Excerpted records Start Marker

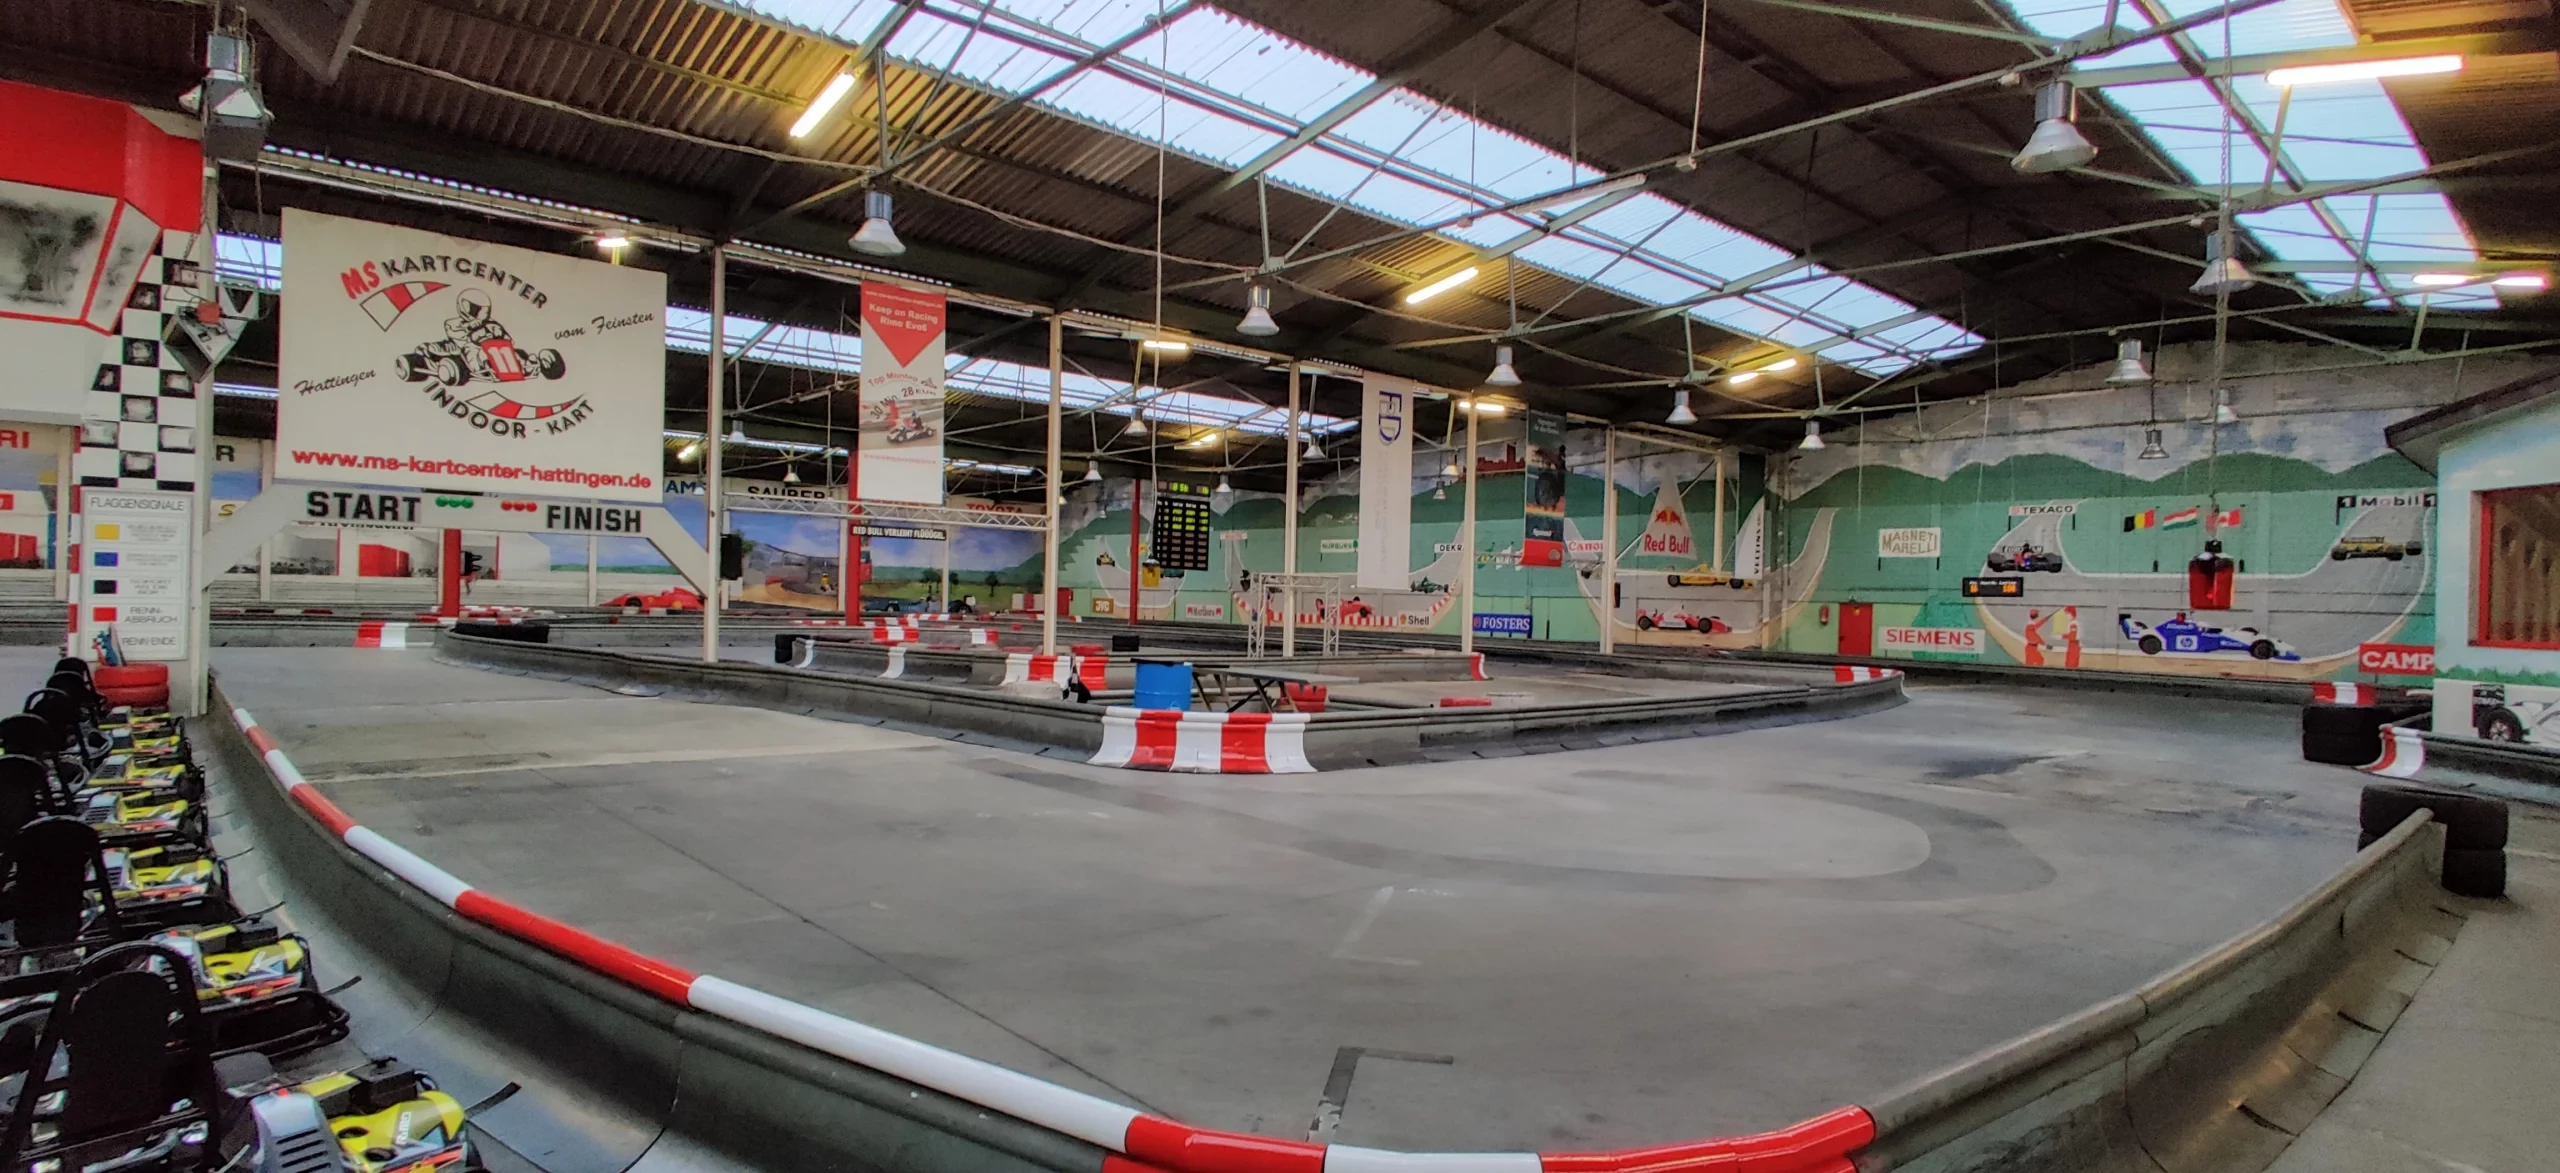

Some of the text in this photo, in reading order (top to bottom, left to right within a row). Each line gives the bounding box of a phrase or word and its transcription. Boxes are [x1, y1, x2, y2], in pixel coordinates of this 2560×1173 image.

[340, 255, 548, 310] MS KARTCENTER
[869, 303, 938, 325] Keep on Racing
[880, 316, 903, 328] Rimo
[554, 313, 654, 340] vom Feinsten
[293, 371, 376, 397] Hattingen
[868, 376, 885, 386] Top
[423, 381, 526, 439] INDOOR
[547, 400, 595, 435] KART
[292, 450, 652, 489] www.ms-kartcenter-hattingen.de
[91, 497, 184, 511] FLAGGENSIGNALE
[2361, 496, 2419, 506] Mobil
[307, 490, 642, 533] START FINISH
[853, 526, 866, 535] RED
[868, 527, 883, 536] BULL
[884, 528, 912, 538] VERLEIHT
[1882, 530, 1938, 545] MAGNETI
[1644, 534, 1689, 554] Red Bull
[1882, 541, 1938, 555] MARELLI
[1407, 615, 1430, 625] Shell
[1482, 616, 1531, 630] FOSTERS
[1886, 629, 1975, 646] SIEMENS
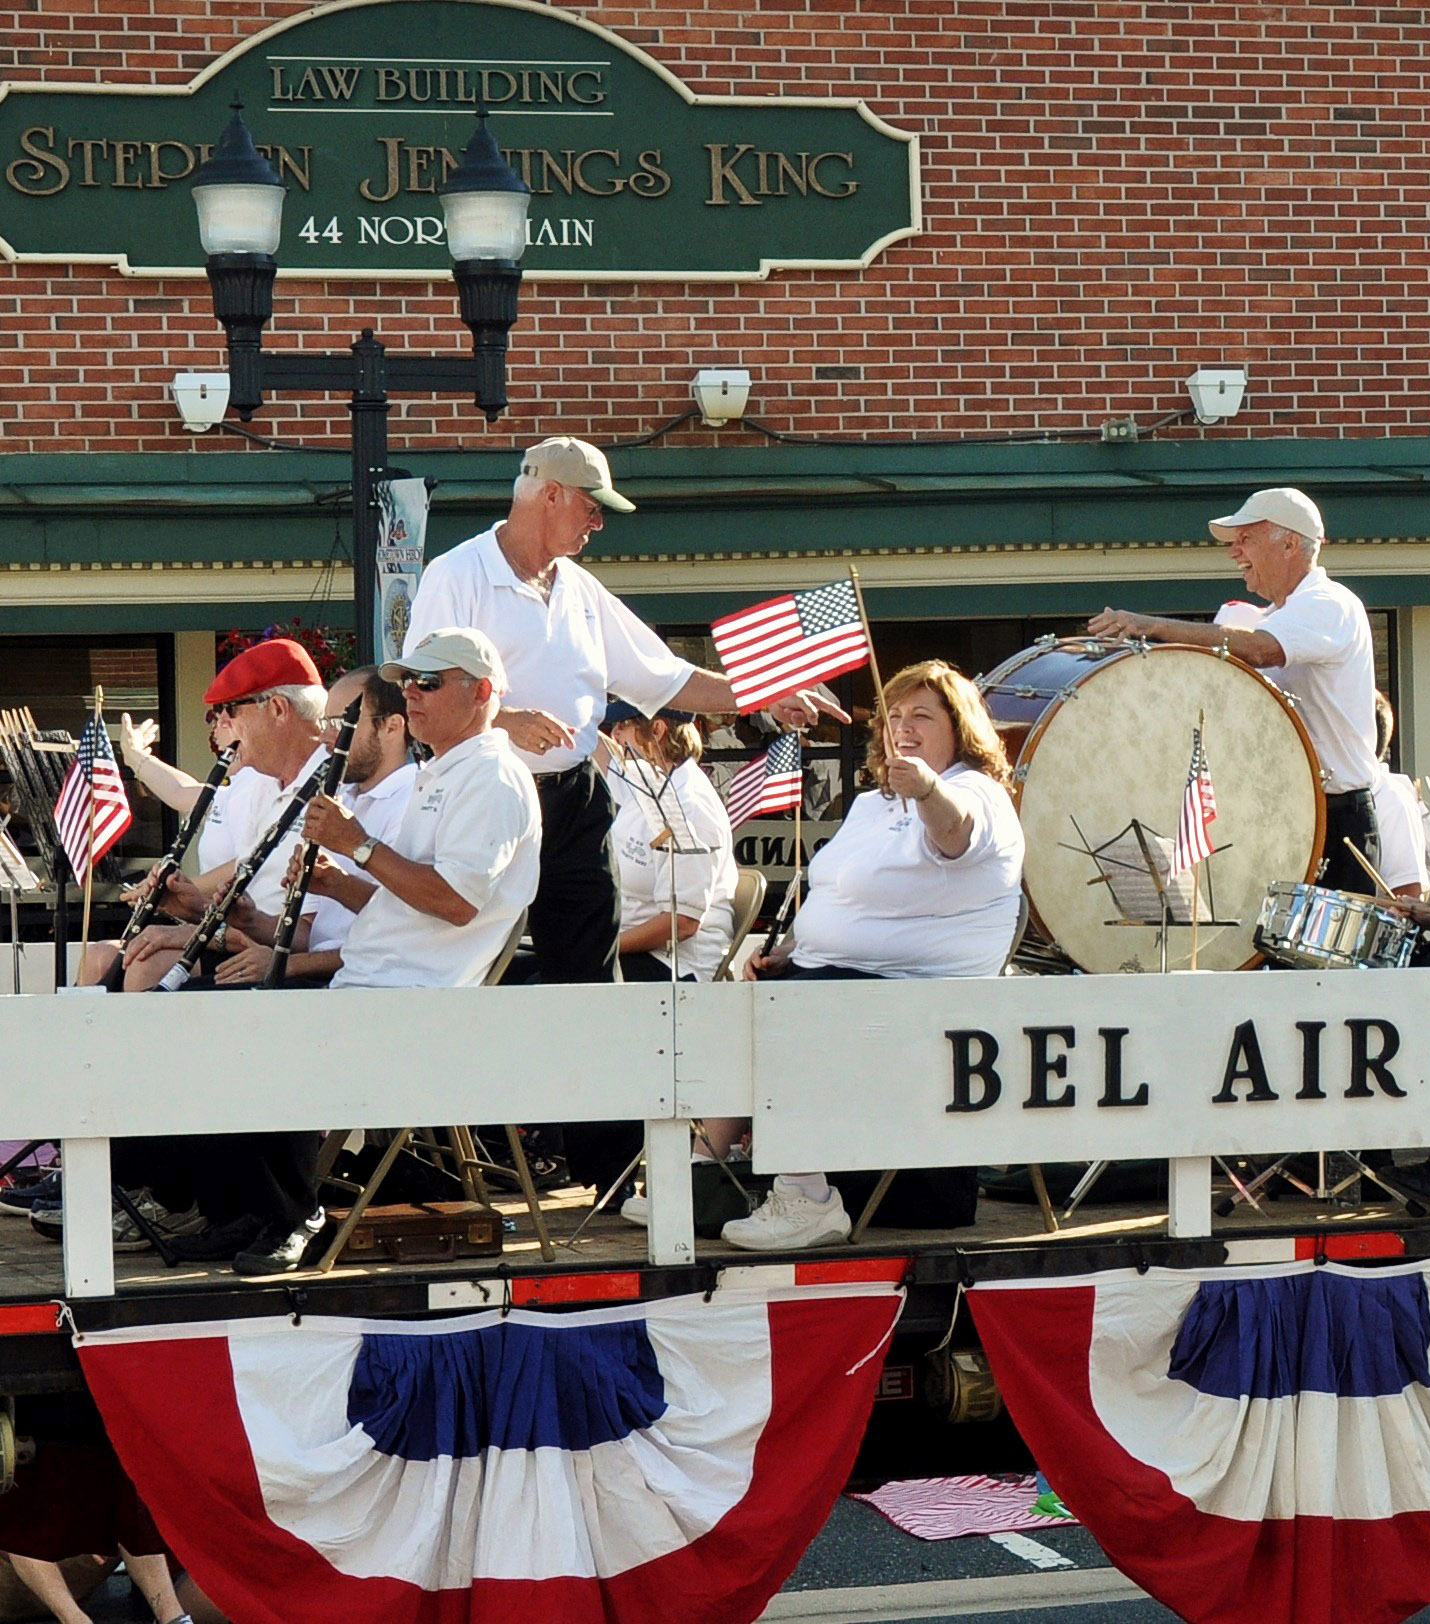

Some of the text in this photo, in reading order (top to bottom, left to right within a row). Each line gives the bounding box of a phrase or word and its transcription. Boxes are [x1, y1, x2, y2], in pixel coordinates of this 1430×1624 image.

[269, 66, 607, 106] LAW BUILDING
[5, 126, 860, 206] STEPN JEINGS KING
[297, 215, 595, 247] 44 NOR AIN
[944, 1025, 1150, 1113] BEL
[1210, 1018, 1408, 1103] AIR

Excerpted records End Marker

# Problem requirements
Could you retype exactly the lines from the one containing "this 1430×1624 image." through the final line of the data above, and no others?

# Your response
Some of the text in this photo, in reading order (top to bottom, left to right within a row). Each line gives the bounding box of a phrase or word and its transcription. Boxes are [x1, y1, x2, y2], in pixel coordinates of this 1430×1624 image.

[269, 66, 607, 106] LAW BUILDING
[5, 126, 860, 206] STEPN JEINGS KING
[297, 215, 595, 247] 44 NOR AIN
[944, 1025, 1150, 1113] BEL
[1210, 1018, 1408, 1103] AIR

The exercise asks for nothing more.